Debussy, Jérusalem, palinodie
Plusieurs jours durant, lisant le livre de Jean-Yves Tadié, écoutant le beau disque publié, en parallèle, par Nelson Freire et consacré à Debussy (Decca) mais aussi l’enregistrement par Vanessa Wagner d’Images dont le dernier numéro de Classica dit tant de bien et que je ne connaissais pas, j’ai baigné dans la lumière si étrange, presque glauque, de Debussy, me suis laissé gagner par la sonorité diffuse et mobile de son piano.
Cela ne demande aucun effort, cela suspend en quelque sorte la pensée. La musique devient climat, élément, on y reconnaît la pluie sourde, des reflets de soleil, des taches colorées dépourvues de signification, mais plaisantes comme des bulles irisées. Et puis une musique sans référent distinct évoquant seulement des états d’âme et attirant la sensibilité dans des cercles neufs.
Il y a, certes, dans cette musique quelque chose d’un peu hermétique, dans la dissonance, dans la rupture harmonique, mais au fond quelque chose d’expressément sensuel, à quoi l’on se livre bien volontiers. Debussy est tout le contraire du pèse-nerfs. Tout le contraire de ces compositeurs qui veulent vous envahir en déchaînant les flots orchestraux, en faisant sonner le piano comme une immense chorale. Après une audition de Debussy, Brahms semble bien balourd, et Beethoven bien teuton.
Mais au détour d’un rangement, je tombai sur le Jérusalem récemment publié par Alia Vox, où Savall et quelques compères parcourent l’histoire de Jérusalem à travers la musique. Et je réécoutai, parce que cela m’avait déjà frappé il y a quelques semaines à la première audition, ce Psaume 121 chanté, avec un accompagnement frêle, par Lior Elmalich — une prière pour Jérusalem.

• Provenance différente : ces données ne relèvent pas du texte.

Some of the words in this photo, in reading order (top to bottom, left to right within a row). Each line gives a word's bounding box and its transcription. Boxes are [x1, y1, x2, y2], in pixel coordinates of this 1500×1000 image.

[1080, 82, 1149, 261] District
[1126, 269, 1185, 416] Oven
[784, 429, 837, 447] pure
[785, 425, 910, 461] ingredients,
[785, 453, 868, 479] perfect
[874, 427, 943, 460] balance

Ci-dessus à droite, carte d’Israël en mosaïque (avec Jérusalem au centre), se trouvant au sol d’une église de Medeba en Jordanie (VIe s.).

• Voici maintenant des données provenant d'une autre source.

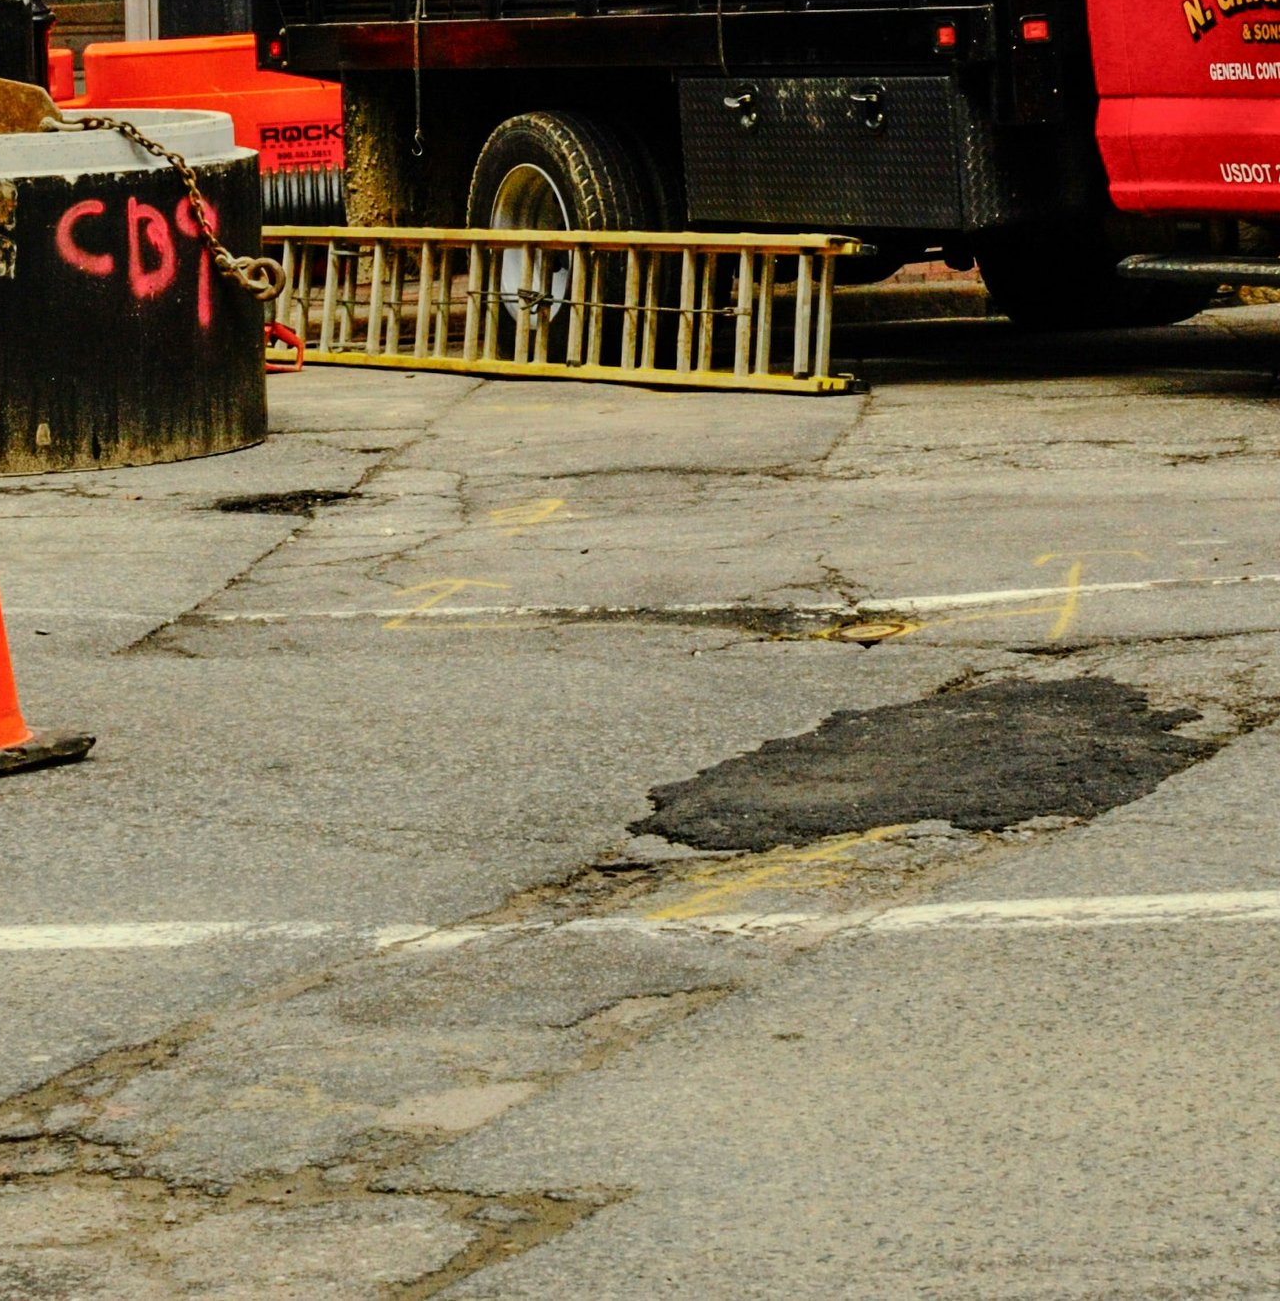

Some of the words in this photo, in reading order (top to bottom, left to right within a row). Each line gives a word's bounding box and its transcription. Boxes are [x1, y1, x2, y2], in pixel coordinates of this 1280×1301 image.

Dans cette voix presque seule priant pour Jérusalem, le poids de l’histoire, de la mémoire, la chaleur irradiante et saisissante de la mélopée, j’ai entendu tout le contraire de Debussy, qui alors m’a paru précieux, nombriliste, salonnard, pluvieux, contourné, creux.
Face à cette musique immémoriale, face à cette fonction première du chant, qui est simplement un appel aux harmonies rêvées du monde, une incantation première où la voix parle pour un peuple, que pèsent les jardins sous la pluie de Debussy et ses gouttes ouatées, que valent ses pagodes fantasmées et ses poissons d’or entrevus dans des reproductions bon marché ?

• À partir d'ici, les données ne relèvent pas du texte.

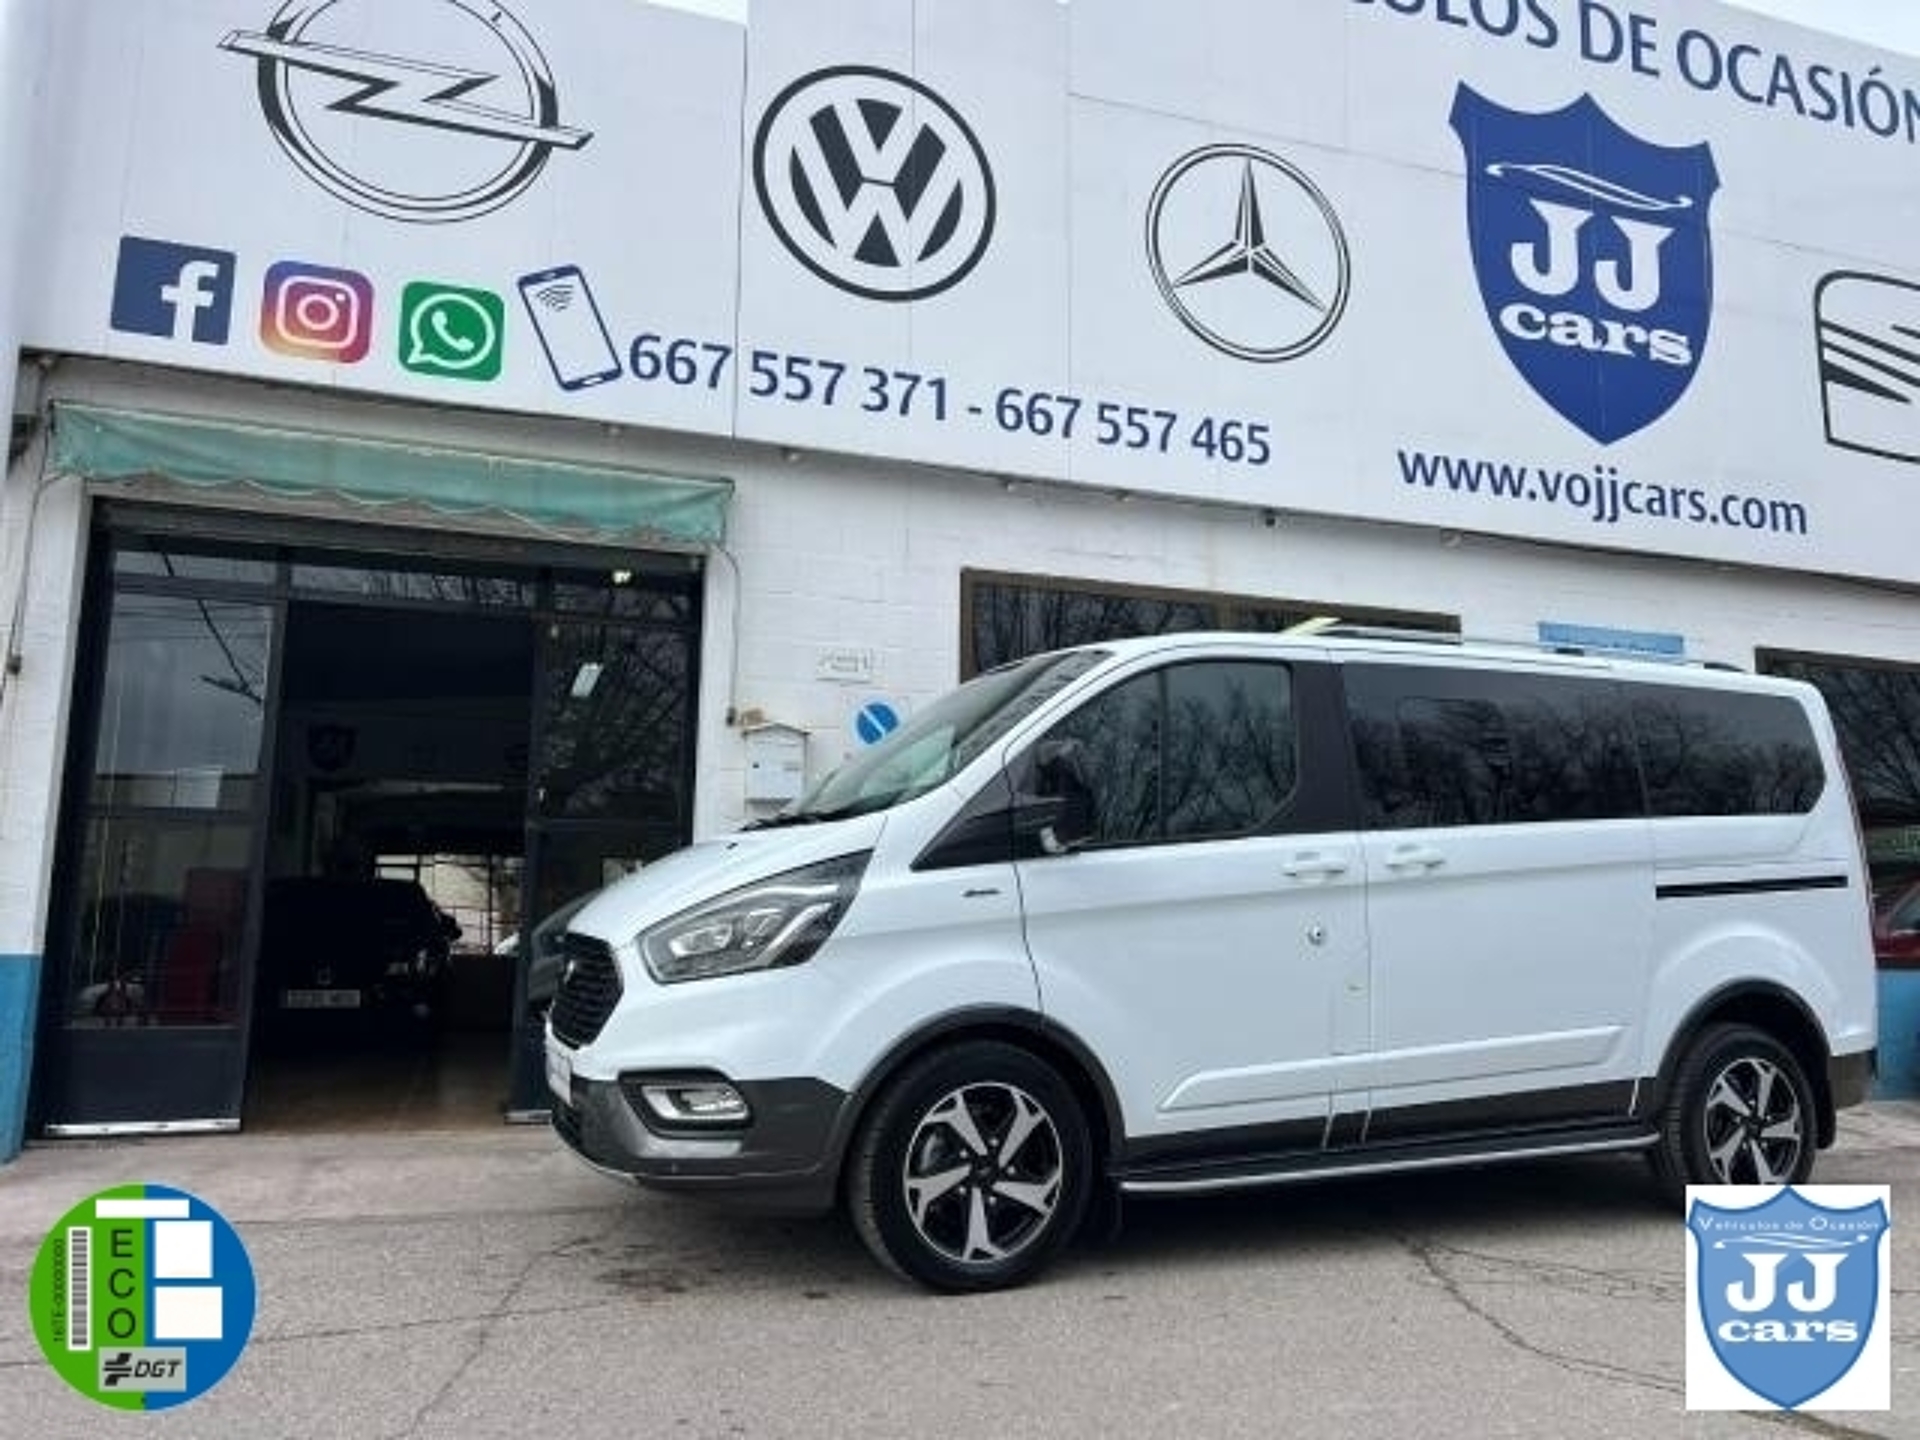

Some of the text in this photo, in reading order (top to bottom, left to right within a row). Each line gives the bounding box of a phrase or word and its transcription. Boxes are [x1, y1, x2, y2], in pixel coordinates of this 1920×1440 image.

[1350, 0, 1560, 49] LOS
[1580, 0, 1661, 78] DE
[1511, 199, 1676, 312] JJ
[1500, 303, 1692, 365] cars
[628, 334, 732, 388] 667
[749, 351, 846, 406] 557
[861, 368, 948, 421] 371
[995, 388, 1082, 438] 667
[1096, 404, 1177, 453] 557
[1190, 417, 1272, 465] 465
[1398, 449, 1808, 535] www.vojjcars.com

Point n’est besoin des fortes structures de Bach ou de Beethoven pour mettre au jour l’ordre du monde et le sens possible de la vie. Cette voix solitaire, surgie d’un passé inconnu, d’une mémoire enfouie, suffit à faire remonter en nous un contact sans apprêt avec le sacré et la question première de l’être au monde. Reconnaissons aussitôt que Bach comme Beethoven, avec leur part de rhétorique, ont gravé ce questionnement en lettres de feu dans nos âmes. Que, chez eux, les articulations d’un discours où tout semble disposé, idéalement composé, recouvrent – qu’on le veuille ou non — l’idée qu’au tréfonds de soi, l’on se fait d’une cosmogonie, d’une armature idéelle de l’univers, d’une hiérarchie des anges, comme disait Rilke.
Face à cela, je l’avoue, je me suis demandé si le reste n’était pas un peu inutile. Un peu comme, parfois, lisant Stevenson, Verlaine ou Larbaud, on se demande si finalement on aura assez d’une vie pour bien comprendre seulement Homère, Hölderlin ou Dante.
Et, à cette aune, le livre de Jean-Yves Tadié, qui nous était apparu délié, érudit, sensible, nous paraît seulement anecdotique, léger, aimable mais oubliable à force de questions en somme convenues, de notations relevant d’une science un peu sèche, de références académiques, et surtout à force de ne pas dire, directement, sincèrement, avec cet effort non pas littéraire mais pour ainsi dire philosophique, d’exprimer ce que la musique en nous révèle, et accroît, et, peut-être, ravage ou, simplement, égare.
En somme, une voix venue d’outre-temps, chantant ce que des générations ont chanté, rappelant à notre mémoire ce qui, à travers les siècles, a compté et compte encore dans la fabrique même de notre identité et de nos croyances, a pu, en quelques secondes, défaire l’arrangement plein d’onction d’un universitaire écrivant sur la musique estimable mais vaguement superflu du petit maître français.
Heureusement, il y a Cauet à la télé, et tous ces questionnements nous semblent à leur tour absurdes et snobs.